Yargıtay Kararı 7. Ceza Dairesi 2020/4853 E. 2023/4449 K. 09.05.2023 T.

YARGITAY KARARI
DAİRE : 7. Ceza Dairesi
ESAS NO : 2020/4853
KARAR NO : 2023/4449
KARAR TARİHİ : 09.05.2023

B O Z M A Ü Z E R İ N E

İNCELENEN KARARIN
MAHKEMESİ :Asliye Ceza Mahkemesi
SUÇ : 5607 sayılı Kaçakçılıkla Mücadele Kanunu’na muhalefet
HÜKÜM : Mahkûmiyet
TEMYİZ EDENLER : Katılan vekili, sanık müdafii
TEBLİĞNAME GÖRÜŞÜ : Onama

Sanık hakkında bozma üzerine kurulan hükmün; karar tarihi itibarıyla 6723 sayılı Kanun’un 33 üncü maddesiyle değişik 5320 sayılı Kanun’un 8 inci maddesi gereği yürürlükte bulunan 1412 sayılı Ceza Muhakemeleri Usulü Kanunu’nun (1412 sayılı Kanun) 305 inci maddesi gereği temyiz edilebilir olduğu, karar tarihinde yürürlükte bulunan 5271 sayılı Ceza Muhakemesi Kanunu’nun (5271 sayılı Kanun) 260 ıncı maddesinin birinci fıkrası gereği temyiz edenlerin hükmü temyize hak ve yetkilerinin bulunduğu, 1412 sayılı Kanun’un 310 uncu maddesi gereği temyiz isteklerinin süresinde olduğu, aynı Kanun’un 317 nci maddesi gereği temyiz isteklerinin reddini gerektirir bir durumun bulunmadığı yapılan ön inceleme neticesinde tespit edilmekle, gereği düşünüldü:

I. HUKUKÎ SÜREÇ
1. Karşıyaka 1. Asliye Ceza Mahkemesinin, 10.10.2013 tarihli ve 2013/378 Esas, 2013/501 Karar sayılı kararı ile sanık hakkında 5607 sayılı Kaçakçılıkla Mücadele Kanunu’na (5607 sayılı Kanun) muhalefet suçundan aynı Kanun’un 3 üncü maddesinin onsekizinci fıkrası ve 5237 sayılı Türk Ceza Kanunu’nun (5237 sayılı Kanun) 62 nci maddesinin birinci fıkrası ve aynı Kanun’un 52 nci maddesinin ikinci fıkrası
gereğince 2 yıl 6 … hapis ve 2.500,00 TL adlî para cezası ile cezalandırılmasına, 53 üncü maddesi gereğince hak yoksunluklarına, suça konu kaçak eşyaların 54 üncü maddesi uyarınca müsaderesine, müsadere şartları gerçekleşmediğinden araç sicilindeki şerhin kaldırılmasına karar verilmiştir.
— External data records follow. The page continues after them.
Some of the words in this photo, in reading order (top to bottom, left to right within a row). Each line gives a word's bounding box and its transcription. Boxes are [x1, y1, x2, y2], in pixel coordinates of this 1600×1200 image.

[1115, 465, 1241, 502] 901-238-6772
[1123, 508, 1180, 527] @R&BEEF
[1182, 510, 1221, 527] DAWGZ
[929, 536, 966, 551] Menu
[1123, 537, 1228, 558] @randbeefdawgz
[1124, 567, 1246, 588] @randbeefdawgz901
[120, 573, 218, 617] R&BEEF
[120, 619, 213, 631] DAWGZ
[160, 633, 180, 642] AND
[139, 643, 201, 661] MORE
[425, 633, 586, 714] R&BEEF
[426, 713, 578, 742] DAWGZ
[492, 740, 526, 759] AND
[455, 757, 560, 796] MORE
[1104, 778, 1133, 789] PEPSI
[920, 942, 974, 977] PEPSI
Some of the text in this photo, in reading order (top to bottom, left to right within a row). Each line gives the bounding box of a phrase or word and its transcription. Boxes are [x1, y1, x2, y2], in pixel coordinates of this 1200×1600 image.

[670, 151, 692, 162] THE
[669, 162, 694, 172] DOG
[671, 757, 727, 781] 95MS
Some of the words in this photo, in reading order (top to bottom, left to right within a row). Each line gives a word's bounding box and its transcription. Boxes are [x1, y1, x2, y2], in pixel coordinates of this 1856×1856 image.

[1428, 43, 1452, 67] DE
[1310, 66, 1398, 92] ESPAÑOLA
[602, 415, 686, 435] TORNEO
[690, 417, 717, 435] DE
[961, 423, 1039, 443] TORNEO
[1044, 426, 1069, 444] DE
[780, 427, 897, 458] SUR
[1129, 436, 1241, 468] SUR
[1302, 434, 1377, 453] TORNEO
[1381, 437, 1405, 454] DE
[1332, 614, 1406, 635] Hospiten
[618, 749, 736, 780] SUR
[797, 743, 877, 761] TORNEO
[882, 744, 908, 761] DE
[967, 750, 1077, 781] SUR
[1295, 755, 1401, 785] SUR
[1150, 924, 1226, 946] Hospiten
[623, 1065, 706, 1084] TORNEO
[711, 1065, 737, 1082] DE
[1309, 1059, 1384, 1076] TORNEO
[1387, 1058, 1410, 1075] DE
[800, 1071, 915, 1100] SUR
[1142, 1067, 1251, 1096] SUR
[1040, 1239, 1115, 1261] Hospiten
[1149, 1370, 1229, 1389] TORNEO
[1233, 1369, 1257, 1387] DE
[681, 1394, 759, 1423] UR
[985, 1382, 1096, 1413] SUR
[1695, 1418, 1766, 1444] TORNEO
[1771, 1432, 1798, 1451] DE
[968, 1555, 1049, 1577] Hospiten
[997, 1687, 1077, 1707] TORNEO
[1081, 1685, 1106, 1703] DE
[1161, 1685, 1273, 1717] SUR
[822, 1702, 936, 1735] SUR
2.Anılan kararın katılan vekili ve sanık tarafından temyizi üzerine Yargıtay (Kapatılan) 19. Ceza Dairesinin 05.05.2020 tarihli ve 2019/1783 Esas, 2020/3136 Karar sayılı ilâmıyla; nakil aracının iadesi kararının onanmasına, mahkumiyet kararı bakımından ise; 7242 sayılı Ceza ve Güvenlik Tedbirlerinin İnfazı Hakkında Kanun ile Bazı Kanunlarda Değişiklik Yapılmasına Dair Kanun’un 61 inci ve 62 nci maddeleriyle değişik 5607 sayılı Kanun’un 3 üncü ve 5 inci maddelerinde yapılan değişikliklerin, hakkında mahkûmiyet hükmü kurulmuş sanık lehine olması nedeniyle sair yönleri incelenmeden bozulmasına karar verilmiştir.

3.Bozma uyarınca yapılan yargılama sonrasında Karşıyaka 1. Asliye Ceza Mahkemesinin, 18.09.2020 tarihli ve 2020/463 Esas, 2020/591 Karar sayılı kararı ile sanık hakkında 5607 sayılı Kanun’a muhalefet suçundan aynı Kanun’un 3 üncü maddesinin onsekizinci ve yirmiikinci fıkraları ile 5237 sayılı Kanun’ un 62 nci maddesinin birinci fıkrası, 52 nci maddesinin ikinci fıkrası uyarınca 1 yıl 3 … hapis ve 20,00 TL adlî para cezası ile cezalandırılmasına, 53 üncü maddesi gereği hak yoksunluklarına, suça konu kaçak eşyaların 54 üncü maddesinin dördüncü fıkrası gereğince müsaderesine müsadere şartları gerçekleşmediğinden araç trafik kaydındaki şerhin kaldırılmasına karar verilmiştir.

II. TEMYİZ SEBEPLERİ
1.Katılan vekilinin temyiz sebepleri; uyarlama koşullarının gerçekleşmediğine, sanığın aynı suçtan başkaca dosyalar kapsamında almış olduğu cezalar ve cezanın amacı birlikte değerlendirildiğinde, suça konu eşyanın değerinin pek hafif olarak kabul edilmesinin kanuna aykırı olduğuna, eksik ceza tayininin cezanın caydırıcılığını engellediğine, belirtilen ve re’sen tespit edilecek nedenler ile kararın bozulması talebine ilişkindir.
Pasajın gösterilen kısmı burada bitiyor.